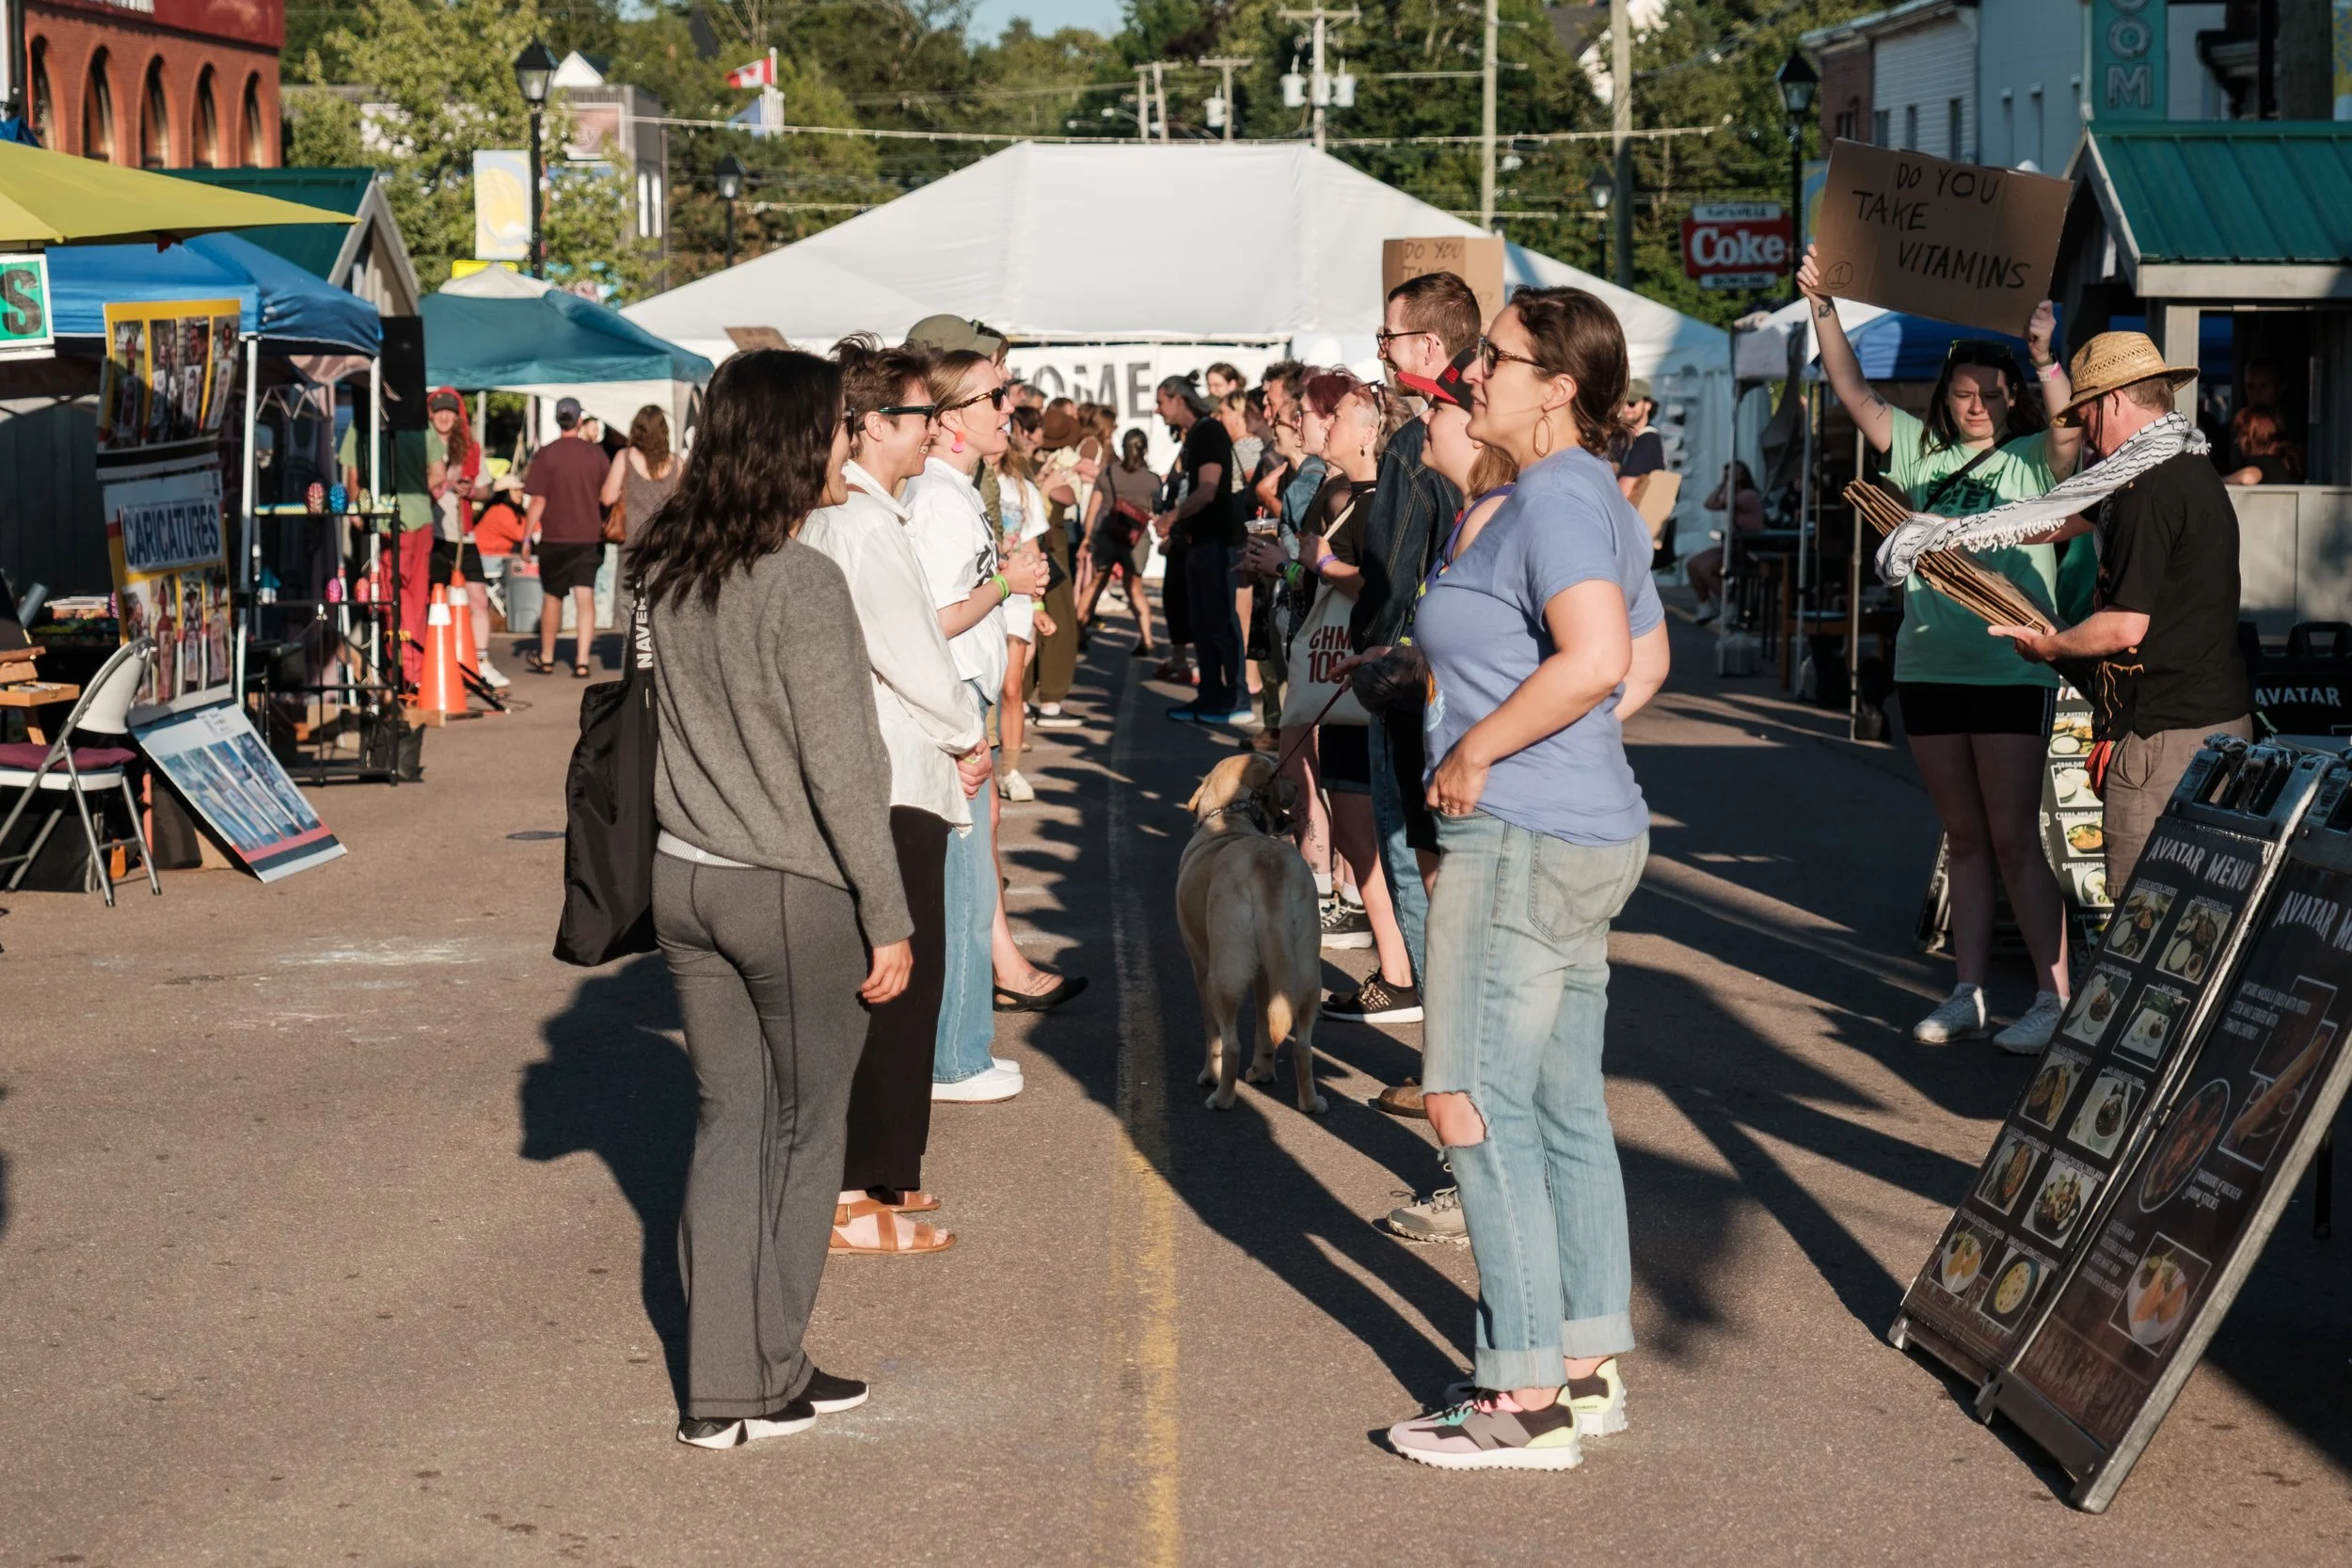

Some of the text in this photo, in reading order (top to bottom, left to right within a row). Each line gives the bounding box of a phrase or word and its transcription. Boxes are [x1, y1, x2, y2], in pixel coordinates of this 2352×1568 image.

[1897, 162, 2000, 204] DO YOU
[1852, 190, 1929, 231] TAKE
[1691, 226, 1786, 267] Coke
[1899, 240, 2031, 291] VITAMINS
[1011, 361, 1152, 419] OME
[122, 504, 219, 567] CARICATURES
[2254, 687, 2342, 707] AVATAR
[2145, 835, 2256, 892] AVATAR MENU
[2271, 890, 2339, 942] AVATAR

__Aim of the exercise__: No pictures belong in the copy. Repeat the listing above exactly.

__Your response__:
Some of the text in this photo, in reading order (top to bottom, left to right within a row). Each line gives the bounding box of a phrase or word and its transcription. Boxes are [x1, y1, x2, y2], in pixel coordinates of this 2352×1568 image.

[1897, 162, 2000, 204] DO YOU
[1852, 190, 1929, 231] TAKE
[1691, 226, 1786, 267] Coke
[1899, 240, 2031, 291] VITAMINS
[1011, 361, 1152, 419] OME
[122, 504, 219, 567] CARICATURES
[2254, 687, 2342, 707] AVATAR
[2145, 835, 2256, 892] AVATAR MENU
[2271, 890, 2339, 942] AVATAR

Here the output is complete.